# Records from a data collection:

####

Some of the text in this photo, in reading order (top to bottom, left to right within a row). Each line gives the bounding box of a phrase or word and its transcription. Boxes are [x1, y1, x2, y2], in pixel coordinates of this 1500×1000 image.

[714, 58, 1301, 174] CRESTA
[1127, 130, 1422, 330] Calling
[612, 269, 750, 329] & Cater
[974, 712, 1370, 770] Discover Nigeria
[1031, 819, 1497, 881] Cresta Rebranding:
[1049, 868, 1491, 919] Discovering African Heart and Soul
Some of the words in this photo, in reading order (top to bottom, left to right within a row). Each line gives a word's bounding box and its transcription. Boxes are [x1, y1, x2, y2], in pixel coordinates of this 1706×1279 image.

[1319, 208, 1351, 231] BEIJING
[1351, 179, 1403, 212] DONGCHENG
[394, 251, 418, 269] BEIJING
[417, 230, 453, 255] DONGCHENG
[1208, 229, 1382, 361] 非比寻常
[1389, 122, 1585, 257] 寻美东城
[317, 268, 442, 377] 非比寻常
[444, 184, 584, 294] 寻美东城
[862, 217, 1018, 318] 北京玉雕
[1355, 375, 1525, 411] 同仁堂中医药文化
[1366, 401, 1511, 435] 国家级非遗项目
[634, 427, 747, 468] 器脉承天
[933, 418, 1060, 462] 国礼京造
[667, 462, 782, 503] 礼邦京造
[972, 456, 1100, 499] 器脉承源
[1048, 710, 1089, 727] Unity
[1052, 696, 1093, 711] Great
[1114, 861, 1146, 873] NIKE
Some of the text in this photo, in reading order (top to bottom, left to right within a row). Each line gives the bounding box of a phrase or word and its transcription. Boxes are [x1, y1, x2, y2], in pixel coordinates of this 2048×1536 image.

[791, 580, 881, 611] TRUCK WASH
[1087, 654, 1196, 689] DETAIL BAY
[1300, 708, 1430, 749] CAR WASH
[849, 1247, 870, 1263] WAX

####

# EXERCISE DETAILS:
I would like the records restated exactly, with every line intact.

# ANSWER TO THE PROBLEM:
Some of the text in this photo, in reading order (top to bottom, left to right within a row). Each line gives the bounding box of a phrase or word and its transcription. Boxes are [x1, y1, x2, y2], in pixel coordinates of this 1500×1000 image.

[714, 58, 1301, 174] CRESTA
[1127, 130, 1422, 330] Calling
[612, 269, 750, 329] & Cater
[974, 712, 1370, 770] Discover Nigeria
[1031, 819, 1497, 881] Cresta Rebranding:
[1049, 868, 1491, 919] Discovering African Heart and Soul
Some of the words in this photo, in reading order (top to bottom, left to right within a row). Each line gives a word's bounding box and its transcription. Boxes are [x1, y1, x2, y2], in pixel coordinates of this 1706×1279 image.

[1319, 208, 1351, 231] BEIJING
[1351, 179, 1403, 212] DONGCHENG
[394, 251, 418, 269] BEIJING
[417, 230, 453, 255] DONGCHENG
[1208, 229, 1382, 361] 非比寻常
[1389, 122, 1585, 257] 寻美东城
[317, 268, 442, 377] 非比寻常
[444, 184, 584, 294] 寻美东城
[862, 217, 1018, 318] 北京玉雕
[1355, 375, 1525, 411] 同仁堂中医药文化
[1366, 401, 1511, 435] 国家级非遗项目
[634, 427, 747, 468] 器脉承天
[933, 418, 1060, 462] 国礼京造
[667, 462, 782, 503] 礼邦京造
[972, 456, 1100, 499] 器脉承源
[1048, 710, 1089, 727] Unity
[1052, 696, 1093, 711] Great
[1114, 861, 1146, 873] NIKE
Some of the text in this photo, in reading order (top to bottom, left to right within a row). Each line gives the bounding box of a phrase or word and its transcription. Boxes are [x1, y1, x2, y2], in pixel coordinates of this 2048×1536 image.

[791, 580, 881, 611] TRUCK WASH
[1087, 654, 1196, 689] DETAIL BAY
[1300, 708, 1430, 749] CAR WASH
[849, 1247, 870, 1263] WAX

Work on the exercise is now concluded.